One would assume that, typically, when a person wants to add ADSCs to his/her hair, the cells are originally taken from that person’s own body (e.g., from the abdomen where there are significant quantities of fat cells present). Such a procedure is considered to be an autologous transplantation that is in all likelihood safe, since one is essentially just moving one’s own cells from one area of the body to another.
In fact there are already many doctors and surgeons offering such a procedure. Note that some often use the terms adipose-derived stromal vascular fraction (SVF), which actually only contains anywhere from 2-10 percent adipose-derived stem cells. There might be legal issues in the US that make SVF less controversial (it is classified as a surgical procedure so escapes the jurisdiction of the FDA). The New England Center for Hair and The Phoenix Stem Cell Treatment Center are examples of places in the US offering SVF based stem cell treatment to regrow hair.
AAPE
However, the two key Japanese studies that I mentioned in my prior post covered procedures that utilized a product called Advanced Adipose-Derived Stem Cell Protein Extract (AAPE), made by South Korean company called Prostemics. This is quite an important detail. For one, I was unaware that it would be possible to purchase such a product legally, since the AAPE product contains protein extracts derived from other people’s adipose cells. However, it seems like this is all legal and according to a quote from the above linked page:
In Japan, over 200 clinics are using AAPE with a clinical hair program for hair regrowth. The brand AAPE is approved by dermatologists and medical professionals from Korea, Japan and USA.
There are various places from which one can purchase AAPE (largely Asia based companies), but I would not trust this kind of experimentation unless a well known hair transplant surgeon is willing to buy this product and work with you. It also seems like some companies produce their own AAPE-type products too, but buyer beware and these products might be illegal to import in many parts of the world. I would certainly not risk using any of this stuff on myself for now.
Here is a video about AAPE (post continues below video):
ADSC versus AAPE
I would assume that results from actual entirely ADSC (so not counting the SVF method mentioned earlier) based autologous hair transplantation will be significantly superior to those from AAPE, but such entirely ADSC cell based procedures are probably not legal in the US at the moment. There are already surgeons and clinics outside the US doing such ADSC procedures. For example, Dr. Rhett Bosnich (who has clinics in Australia and Thailand) offers an “amplified PRP” procedure that includes a small amount of abdominal fat extraction. I think that a lot of doctors who offer PRP will also start adding some adipose-derived stem cells to their procedure. Also, in my March 9 blog post, I had a link to US-based Dr. Craig Ziering’s new “Stemulation” page on his UK website. That page has since been taken down, but I am now curious whether UK regulations are more favorable than US regulations for such procedures?
Who knows what all these guys really do once they extract your fat cells and put them into their centrifuge and final concoction Probably not worth paying much more than one pays for PRP for such procedures at the moment.

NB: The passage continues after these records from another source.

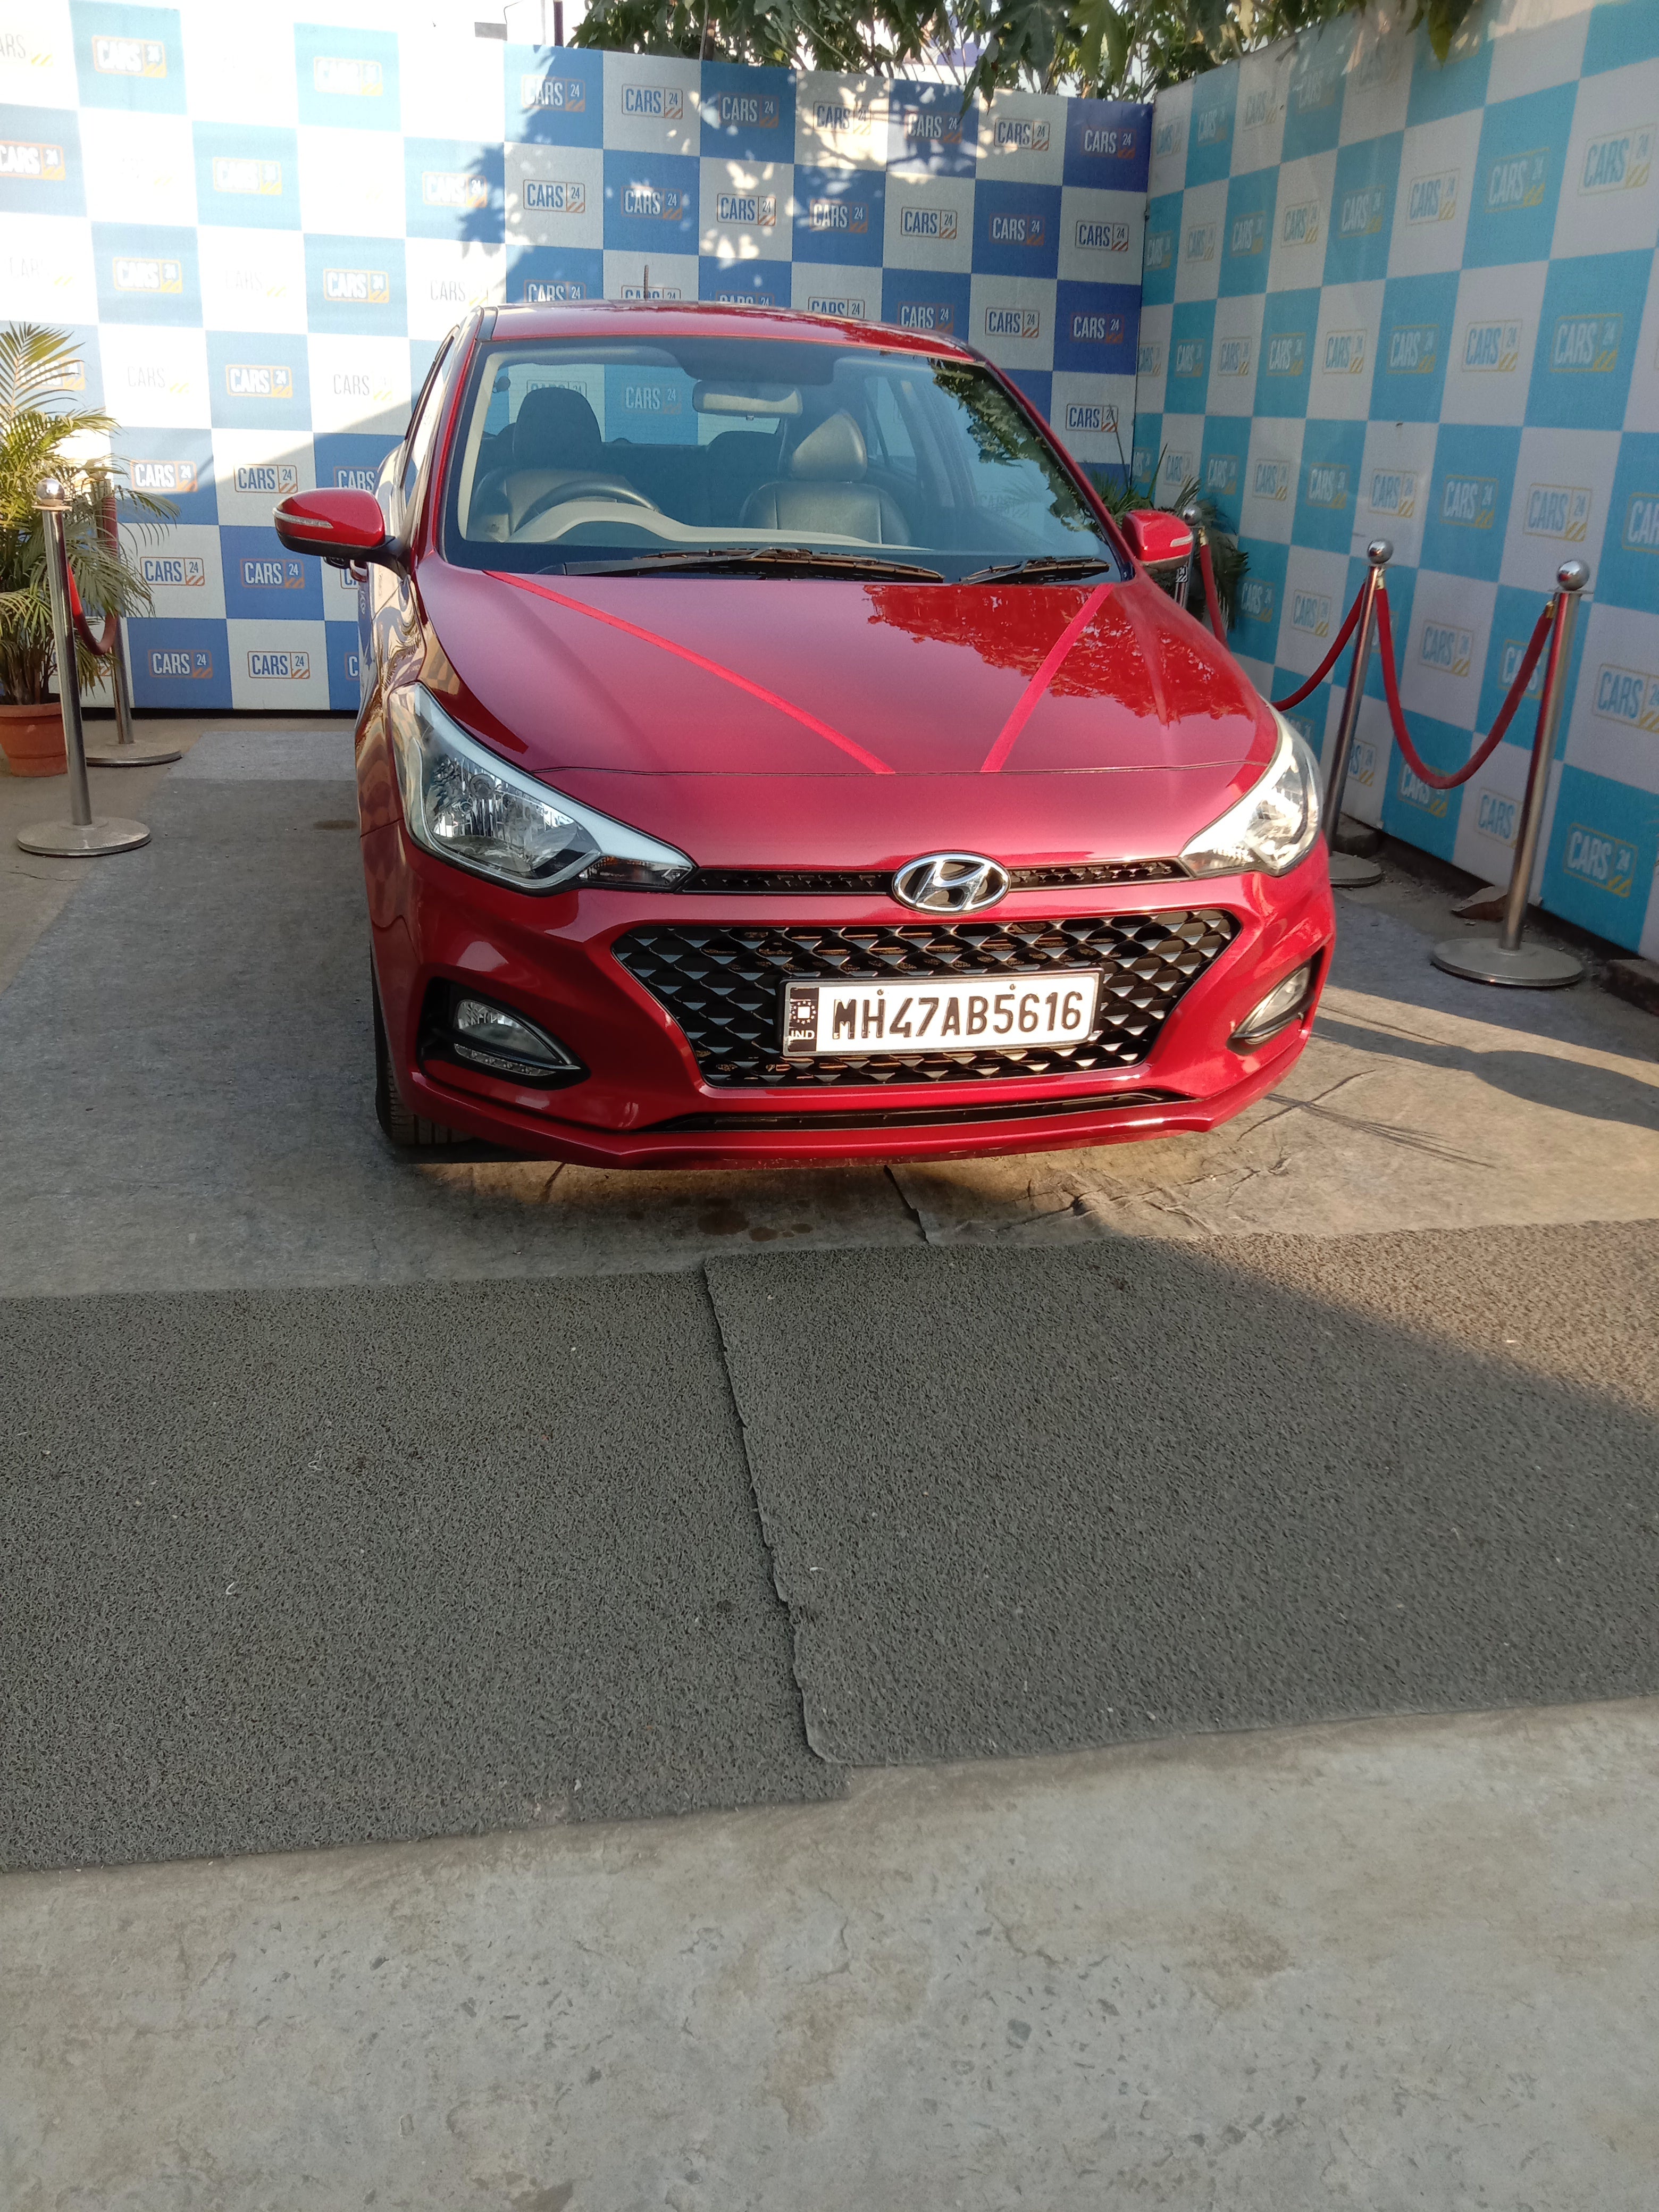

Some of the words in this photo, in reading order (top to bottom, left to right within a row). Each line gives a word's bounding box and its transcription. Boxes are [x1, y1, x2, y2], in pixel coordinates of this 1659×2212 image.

[97, 39, 143, 72] CARS
[524, 79, 563, 106] CARS
[571, 83, 580, 97] 24
[625, 88, 661, 114] CARS
[669, 93, 678, 105] 24
[722, 97, 758, 122] CARS
[765, 101, 774, 114] 24
[817, 105, 850, 129] CARS
[858, 109, 867, 122] 24
[906, 112, 942, 138] CARS
[949, 117, 957, 130] 24
[998, 121, 1030, 145] CARS
[1037, 124, 1045, 137] 24
[1084, 129, 1117, 154] CARS
[1122, 132, 1132, 146] 24
[1584, 137, 1630, 188] CARS
[1637, 132, 1650, 160] 24
[471, 179, 482, 194] 24
[1488, 159, 1528, 205] CARS
[527, 183, 564, 208] CARS
[571, 187, 580, 200] 24
[624, 190, 661, 215] CARS
[668, 192, 677, 207] 24
[1409, 178, 1441, 220] CARS
[720, 197, 756, 221] CARS
[763, 200, 772, 213] 24
[813, 203, 848, 228] CARS
[854, 207, 864, 220] 24
[1342, 194, 1370, 232] CARS
[904, 211, 937, 234] CARS
[944, 214, 953, 227] 24
[992, 216, 1025, 241] CARS
[1032, 220, 1040, 233] 24
[1079, 224, 1110, 246] CARS
[1116, 228, 1124, 239] 24
[1233, 219, 1253, 252] CARS
[1283, 207, 1308, 242] CARS
[116, 261, 159, 289] CARS
[327, 272, 367, 299] CARS
[372, 275, 384, 290] 24
[430, 279, 466, 302] CARS
[527, 283, 565, 302] CARS
[572, 286, 581, 299] 24
[852, 303, 860, 316] 24
[900, 305, 934, 329] CARS
[941, 308, 949, 321] 24
[988, 311, 1020, 333] CARS
[1027, 314, 1035, 325] 24
[1073, 316, 1105, 339] CARS
[1110, 319, 1119, 331] 24
[1268, 339, 1293, 371] CARS
[1325, 335, 1352, 368] CARS
[1389, 330, 1422, 368] CARS
[1465, 327, 1502, 365] CARS
[1554, 321, 1597, 364] CARS
[1603, 321, 1617, 346] 24
[1176, 344, 1195, 372] CARS
[1220, 341, 1241, 371] CARS
[128, 366, 165, 388] CARS
[230, 368, 270, 395] CARS
[275, 370, 287, 386] 24
[333, 374, 370, 396] CARS
[625, 386, 661, 410] CARS
[667, 388, 677, 401] 24
[1069, 407, 1100, 428] CARS
[135, 463, 174, 488] CARS
[181, 465, 192, 479] 24
[237, 467, 275, 490] CARS
[282, 469, 292, 481] 24
[338, 470, 376, 490] CARS
[1166, 455, 1183, 481] CARS
[1207, 458, 1228, 490] CARS
[1255, 463, 1277, 495] CARS
[1309, 467, 1336, 501] CARS
[1371, 474, 1402, 509] CARS
[1443, 480, 1478, 521] CARS
[1481, 484, 1495, 506] 24
[1528, 490, 1569, 531] CARS
[1573, 495, 1587, 517] 24
[144, 560, 182, 583] CARS
[189, 561, 199, 574] 24
[245, 561, 283, 585] CARS
[289, 563, 299, 575] 24
[1293, 595, 1318, 629] CARS
[1421, 626, 1455, 666] CARS
[152, 652, 191, 675] CARS
[197, 653, 207, 666] 24
[252, 655, 288, 675] CARS
[295, 656, 304, 667] 24
[1598, 671, 1643, 719] CARS
[1478, 794, 1514, 840] CARS
[1568, 831, 1612, 881] CARS
[1616, 848, 1631, 873] 24
[832, 991, 1083, 1040] MH47AB5616
[790, 1030, 815, 1040] IND
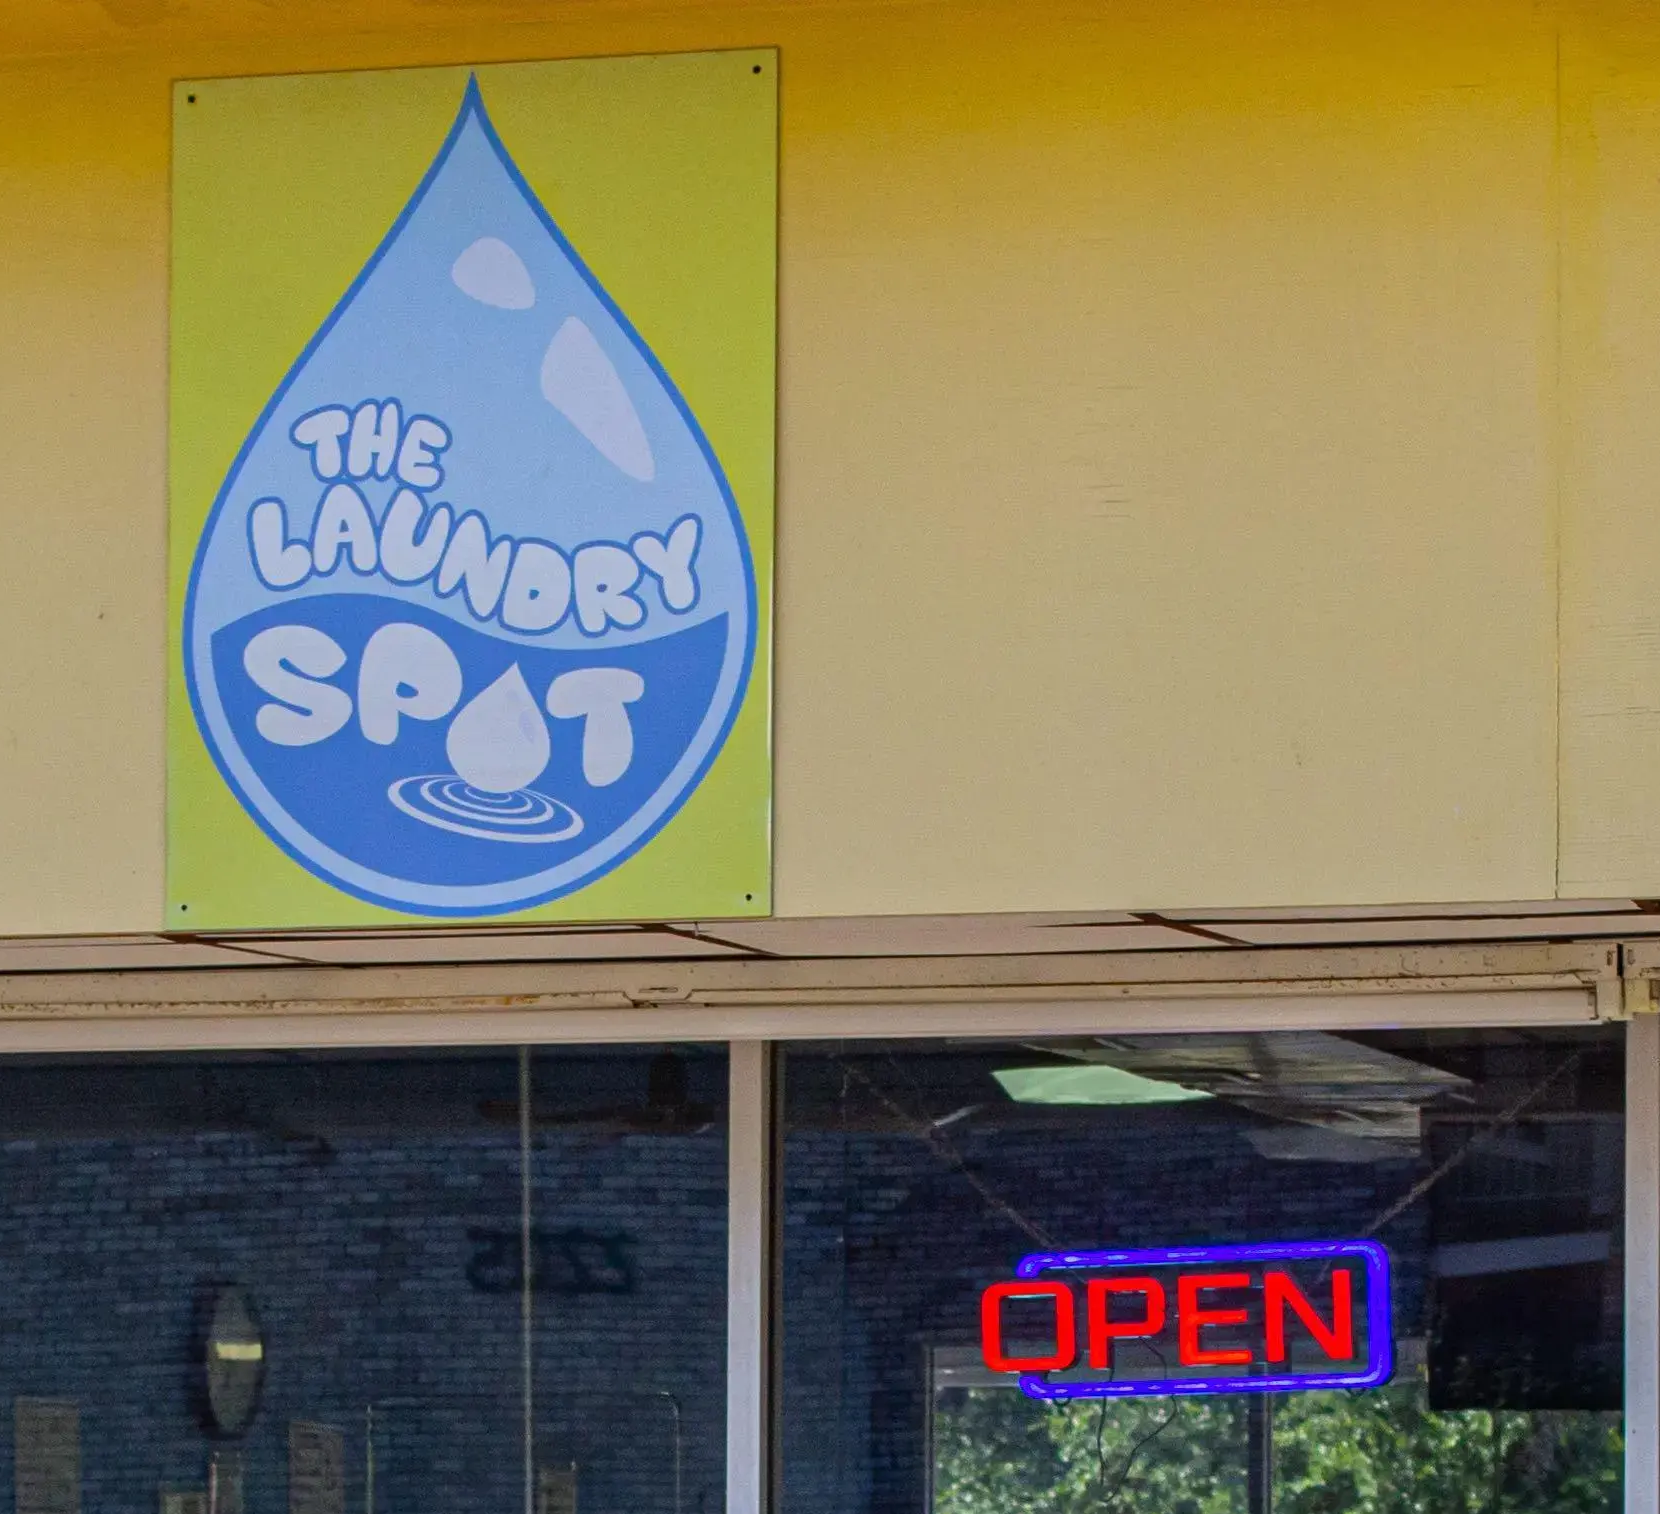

Addendum: I recently read an interesting comment that in an ironic reversal of history, the rich will finally start helping the poor by risking their lives first in the near future. How so? The rich will be the first ones who will be able to afford to buy expensive often experimental new anti-aging treatments and the like. Will we see the same in the hair loss world? i.e., rich people travelling to various countries for expensive possible risky unapproved cell based treatments to regrow hair? Then the poor will follow suit after a decade when the procedures become much cheaper and declared to be fully safe?